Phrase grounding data
+++

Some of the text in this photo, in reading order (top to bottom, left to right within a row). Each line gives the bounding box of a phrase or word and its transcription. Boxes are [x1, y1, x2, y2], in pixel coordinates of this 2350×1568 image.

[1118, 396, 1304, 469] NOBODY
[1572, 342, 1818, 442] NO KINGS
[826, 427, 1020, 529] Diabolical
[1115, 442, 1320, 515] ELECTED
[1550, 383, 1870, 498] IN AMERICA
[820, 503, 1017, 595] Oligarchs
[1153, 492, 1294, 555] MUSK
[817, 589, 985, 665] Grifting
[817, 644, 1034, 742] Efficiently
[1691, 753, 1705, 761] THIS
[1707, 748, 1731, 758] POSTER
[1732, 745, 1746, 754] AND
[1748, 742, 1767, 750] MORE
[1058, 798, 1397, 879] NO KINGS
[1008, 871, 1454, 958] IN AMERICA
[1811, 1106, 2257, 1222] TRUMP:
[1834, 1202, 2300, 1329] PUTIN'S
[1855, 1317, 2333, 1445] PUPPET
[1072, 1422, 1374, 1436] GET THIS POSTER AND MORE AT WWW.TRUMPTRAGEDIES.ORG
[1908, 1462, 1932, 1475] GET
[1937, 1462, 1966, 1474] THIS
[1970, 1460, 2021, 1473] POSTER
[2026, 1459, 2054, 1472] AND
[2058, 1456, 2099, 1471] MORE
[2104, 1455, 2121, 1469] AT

+++

= WHAT THE TASK REQUIRES =
Line by line, retype all the entries exactly as they are shown.

= FINAL ANSWER =
Some of the text in this photo, in reading order (top to bottom, left to right within a row). Each line gives the bounding box of a phrase or word and its transcription. Boxes are [x1, y1, x2, y2], in pixel coordinates of this 2350×1568 image.

[1118, 396, 1304, 469] NOBODY
[1572, 342, 1818, 442] NO KINGS
[826, 427, 1020, 529] Diabolical
[1115, 442, 1320, 515] ELECTED
[1550, 383, 1870, 498] IN AMERICA
[820, 503, 1017, 595] Oligarchs
[1153, 492, 1294, 555] MUSK
[817, 589, 985, 665] Grifting
[817, 644, 1034, 742] Efficiently
[1691, 753, 1705, 761] THIS
[1707, 748, 1731, 758] POSTER
[1732, 745, 1746, 754] AND
[1748, 742, 1767, 750] MORE
[1058, 798, 1397, 879] NO KINGS
[1008, 871, 1454, 958] IN AMERICA
[1811, 1106, 2257, 1222] TRUMP:
[1834, 1202, 2300, 1329] PUTIN'S
[1855, 1317, 2333, 1445] PUPPET
[1072, 1422, 1374, 1436] GET THIS POSTER AND MORE AT WWW.TRUMPTRAGEDIES.ORG
[1908, 1462, 1932, 1475] GET
[1937, 1462, 1966, 1474] THIS
[1970, 1460, 2021, 1473] POSTER
[2026, 1459, 2054, 1472] AND
[2058, 1456, 2099, 1471] MORE
[2104, 1455, 2121, 1469] AT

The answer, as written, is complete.